To search a pattern within a string, the match and findall function of the re package is used.

The match Function

Initialize a variable text with a text string as follows:

text = "The film Titanic was released in 1998"  

Let's write a regex expression that matches a string of any length and any character:

result = re.match(r".*", text)  

The first parameter of the match function is the regex expression that you want to search. Regex expression starts with the alphabet r followed by the pattern that you want to search. The pattern should be enclosed in single or double quotes like any other string.

The above regex expression will match the text string, since we are trying to match a string of any length and any character. If a match is found, the match function returns _sre.SRE_Match object as shown below:

type(result)  

Output:

_sre.SRE_Match  

Now to find the matched string, you can use the following command:

result.group(0)  

Output:

'The film Titanic was released in 1998'  

In case if no match is found by the match function, a null object is returned.

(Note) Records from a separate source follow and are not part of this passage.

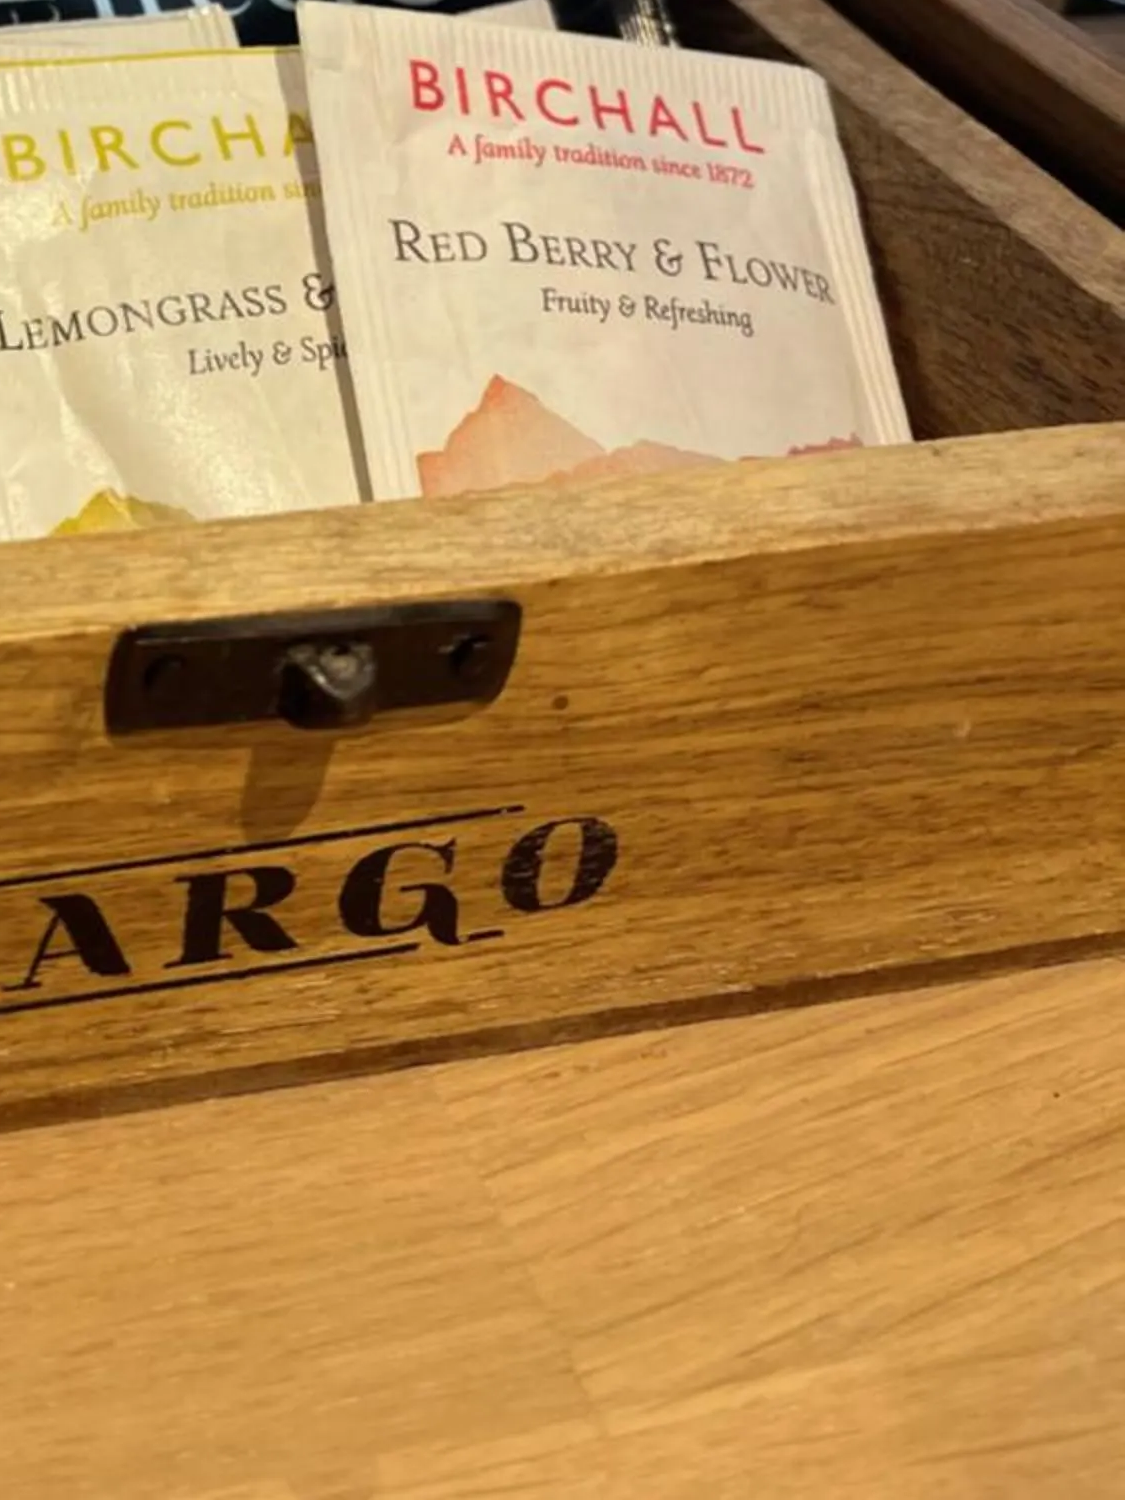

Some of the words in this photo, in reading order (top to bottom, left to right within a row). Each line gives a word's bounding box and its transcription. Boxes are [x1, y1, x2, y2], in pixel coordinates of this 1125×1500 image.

[409, 59, 766, 155] BIRCHALL
[447, 133, 467, 156] A
[473, 133, 547, 168] family
[553, 142, 648, 173] tradition
[651, 156, 703, 180] since
[706, 161, 756, 190] 1872
[78, 188, 162, 233] family
[167, 179, 276, 212] tradition
[389, 219, 488, 264] RED
[500, 221, 637, 273] BERRY
[653, 237, 684, 277] &
[302, 272, 336, 312] &
[540, 286, 612, 325] Fruity
[618, 295, 637, 318] &
[644, 294, 755, 338] Refreshing
[187, 339, 265, 378] Lively
[272, 340, 293, 366] &

Now the previous regex expression matches a string with any length and any character. It will also match an empty string of length zero. To test this, update the value of text variable with an empty string:

text = ""  

Now, if you again execute the following regex expression, a match will be found:

result = re.match(r".*", text)  

Since we specified to match the string with any length and any character, even an empty string is being matched.

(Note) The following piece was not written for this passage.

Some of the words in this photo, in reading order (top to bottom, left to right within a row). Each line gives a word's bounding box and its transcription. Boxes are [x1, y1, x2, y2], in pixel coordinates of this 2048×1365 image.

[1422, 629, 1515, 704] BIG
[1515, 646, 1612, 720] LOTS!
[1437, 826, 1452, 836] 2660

To match a string with a length of at least 1, the following regex expression is used:

result = re.match(r".+", text)  

Here the plus sign specifies that the string should have at least one character.

Searching Alphabets

The match function can be used to find any alphabet letters within a string. Let's initialize the text variable with the following text:

text = "The film Titanic was released in 1998"  

Now to find all the alphabet letter, both uppercase and lowercase, we can use the following regex expression:

result = re.match(r"[a-zA-z]+", text)  

This regex expression states that match the text string for any alphabets from small a to small z or capital A to capital Z. The plus sign specifies that string should have at least one character. Let's print the match found by the above expression:

print(result.group(0))  

Output:

The  

In the output, you can see that the first word i.e. The is returned. This is because the match function only returns the first match found. In the regex we specified that find the patterns with both small and capital alphabets from a to z. The first match found was The. After the word The there is a space, which is not treated as an alphabet letter, therefore the matching stopped and the expression returned just The, which is the first match.

However, there is a problem with this. If a string starts with a number instead of an alphabet, the match function will return null even if there are alphabets after the number. Let's see this in action:

text = "1998 was the year when the film titanic was released"  
result = re.match(r"[a-zA-z]+", text)  
type(result)  

Output:

NoneType  

In the above script, we have updated the text variable and now it starts with a digit. We then used the match function to search for alphabets in the string. Though the text string contains alphabets, null will be returned since match function only matches the first element in the string.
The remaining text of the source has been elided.